_WHAT THE EXERCISE ASKS_: Would you repeat every entry below word for word but drop the images?

[Free-text object descriptions]
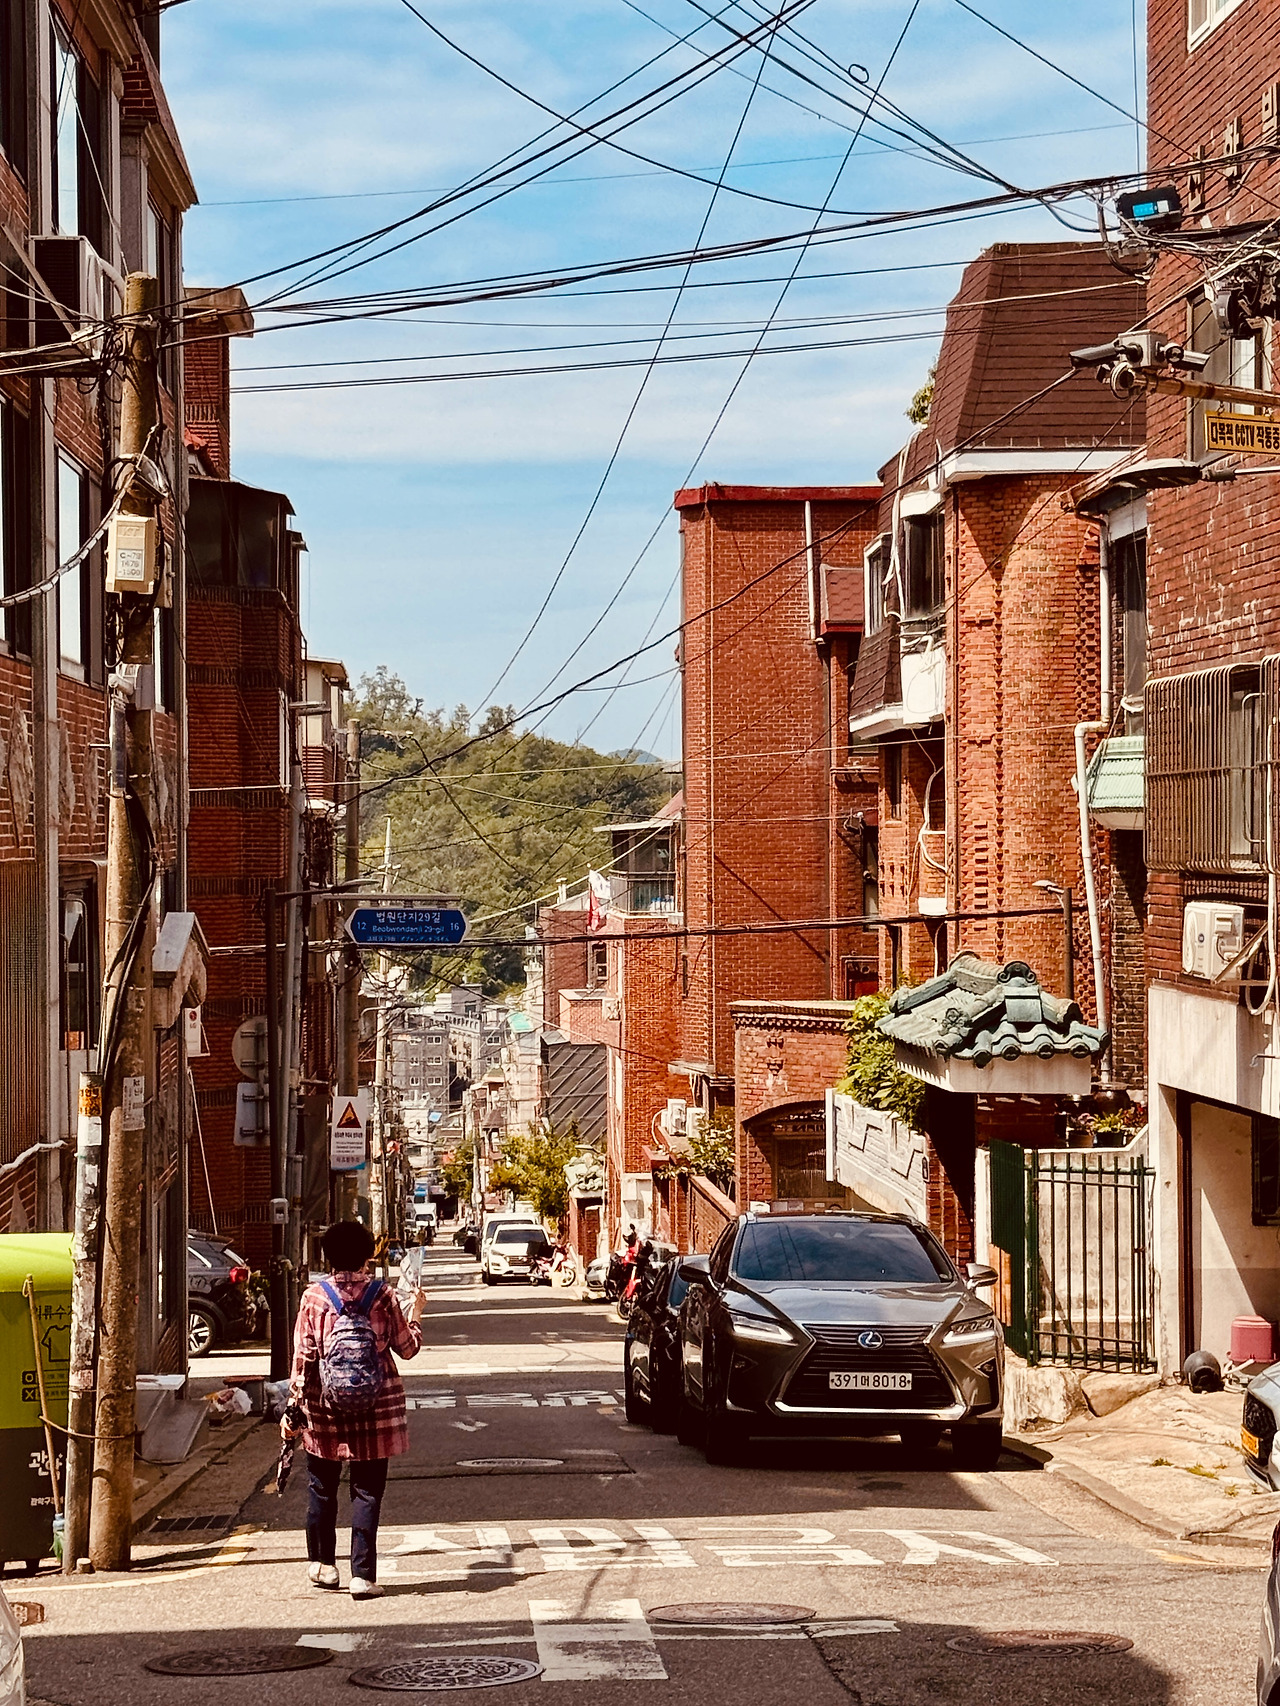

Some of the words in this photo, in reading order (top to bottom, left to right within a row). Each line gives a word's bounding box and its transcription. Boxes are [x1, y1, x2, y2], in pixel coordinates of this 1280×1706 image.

[1210, 421, 1234, 446] 다목적
[1235, 423, 1255, 447] CCTV
[1256, 425, 1280, 450] 작동중
[376, 911, 441, 924] 법원단지29길
[357, 921, 367, 930] 12
[450, 922, 460, 931] 16
[376, 1526, 1060, 1578] 진입금지
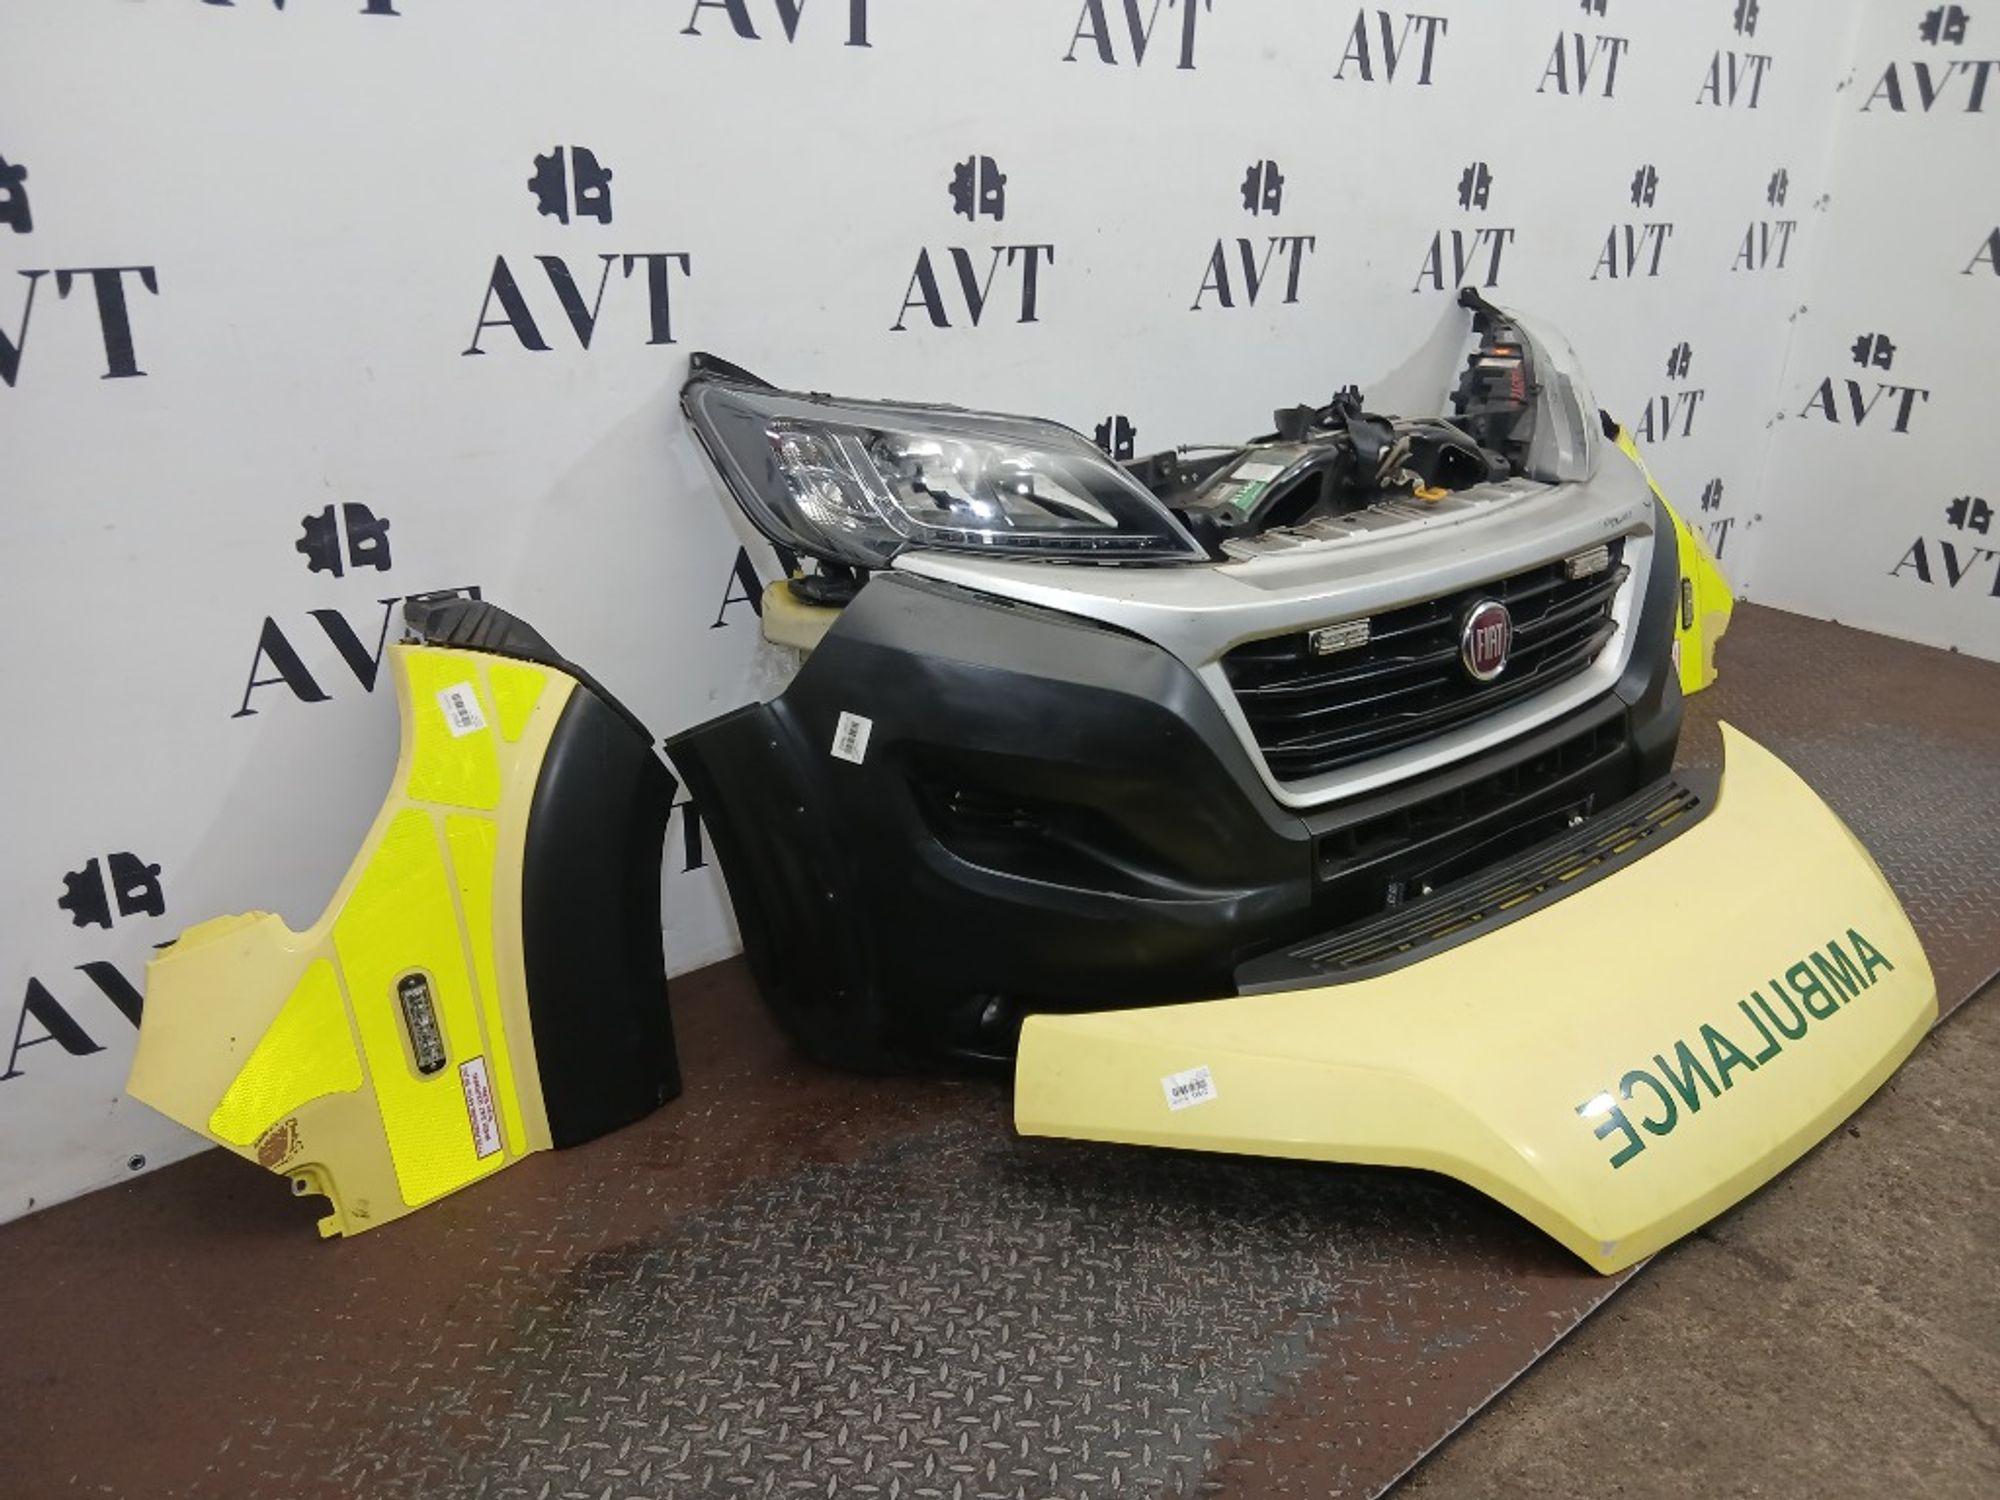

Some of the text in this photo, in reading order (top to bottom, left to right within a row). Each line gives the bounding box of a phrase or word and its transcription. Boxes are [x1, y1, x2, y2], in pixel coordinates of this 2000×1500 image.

[1062, 0, 1212, 70] AVT
[1333, 7, 1448, 85] AVT
[1536, 30, 1629, 98] AVT
[1696, 50, 1772, 109] AVT
[1859, 60, 2000, 113] AVT
[1190, 235, 1316, 311] AVT
[1412, 228, 1515, 293] AVT
[1590, 222, 1673, 281] AVT
[1732, 220, 1797, 271] AVT
[461, 252, 691, 356] AVT
[889, 244, 1054, 331] AVT
[1633, 388, 1705, 446] AVT
[1798, 376, 1930, 434] AVT
[1476, 623, 1503, 663] FIAT
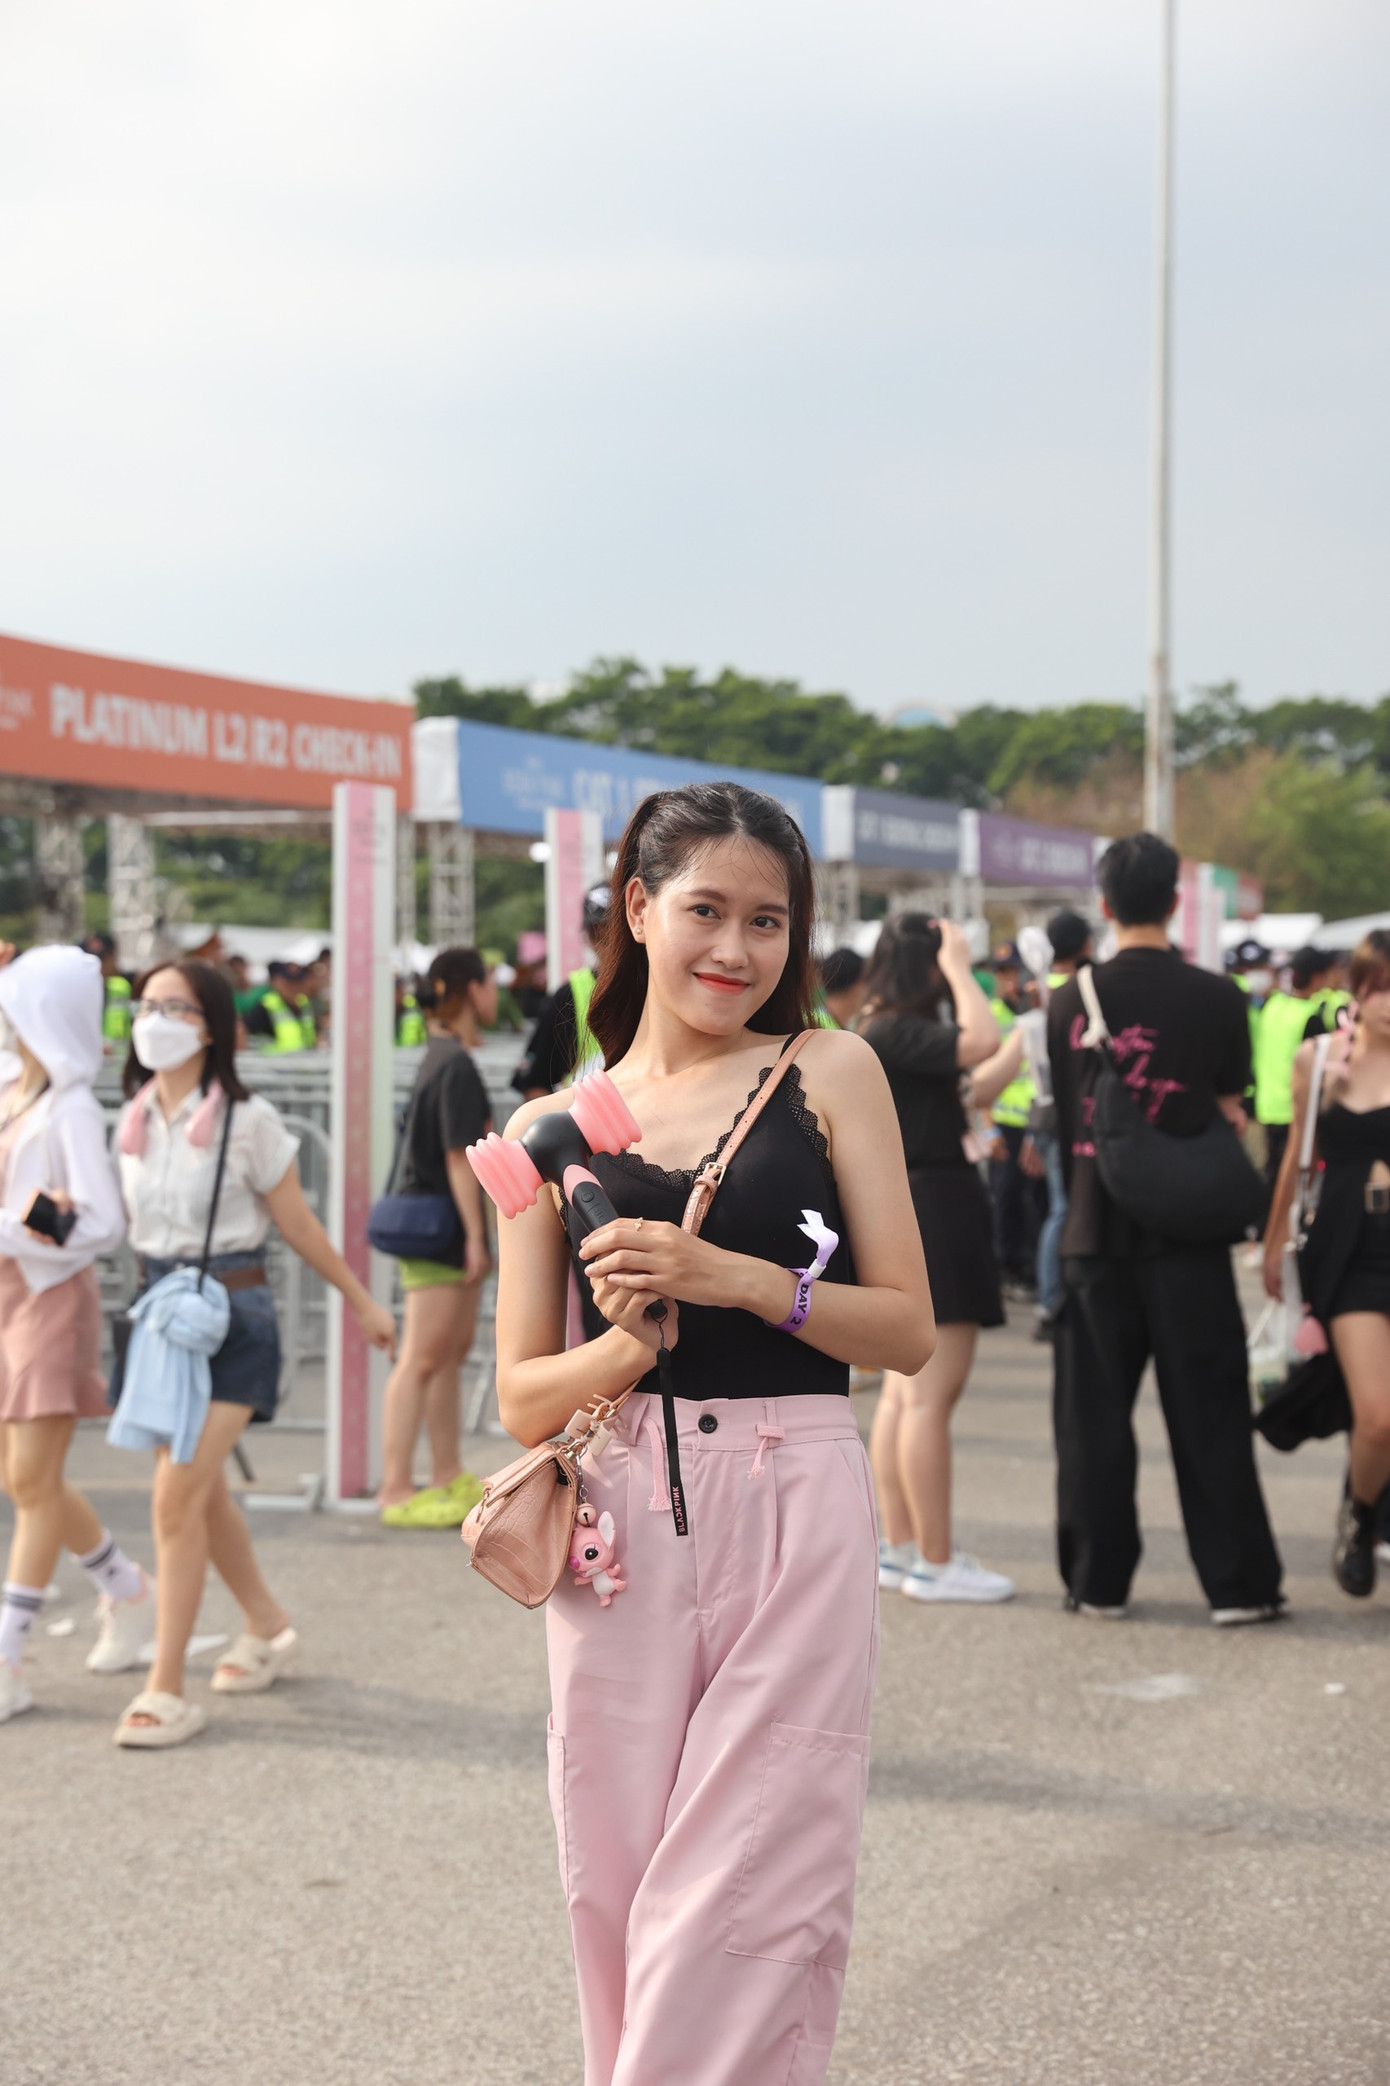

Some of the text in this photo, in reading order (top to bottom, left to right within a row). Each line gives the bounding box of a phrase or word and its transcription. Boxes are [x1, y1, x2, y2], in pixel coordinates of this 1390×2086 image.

_OUTPUT OF THE TASK_:
Some of the words in this photo, in reading order (top to bottom, left to right within a row). Each line gives a word's bounding box and its transcription. Boxes are [x1, y1, x2, y2], in pixel coordinates of this 1280×1706 image.

[1210, 421, 1234, 446] 다목적
[1235, 423, 1255, 447] CCTV
[1256, 425, 1280, 450] 작동중
[376, 911, 441, 924] 법원단지29길
[357, 921, 367, 930] 12
[450, 922, 460, 931] 16
[376, 1526, 1060, 1578] 진입금지

Some of the text in this photo, in reading order (top to bottom, left to right within a row). Each line gives the bounding box of a phrase or word and its transcription. Boxes are [x1, y1, x2, y2], in pixel coordinates of this 2000×1500 image.

[1062, 0, 1212, 70] AVT
[1333, 7, 1448, 85] AVT
[1536, 30, 1629, 98] AVT
[1696, 50, 1772, 109] AVT
[1859, 60, 2000, 113] AVT
[1190, 235, 1316, 311] AVT
[1412, 228, 1515, 293] AVT
[1590, 222, 1673, 281] AVT
[1732, 220, 1797, 271] AVT
[461, 252, 691, 356] AVT
[889, 244, 1054, 331] AVT
[1633, 388, 1705, 446] AVT
[1798, 376, 1930, 434] AVT
[1476, 623, 1503, 663] FIAT

Some of the text in this photo, in reading order (top to bottom, left to right within a row). Each line gives the bounding box of a phrase or word and its transcription. Boxes are [x1, y1, x2, y2], in pixel coordinates of this 1390×2086 image.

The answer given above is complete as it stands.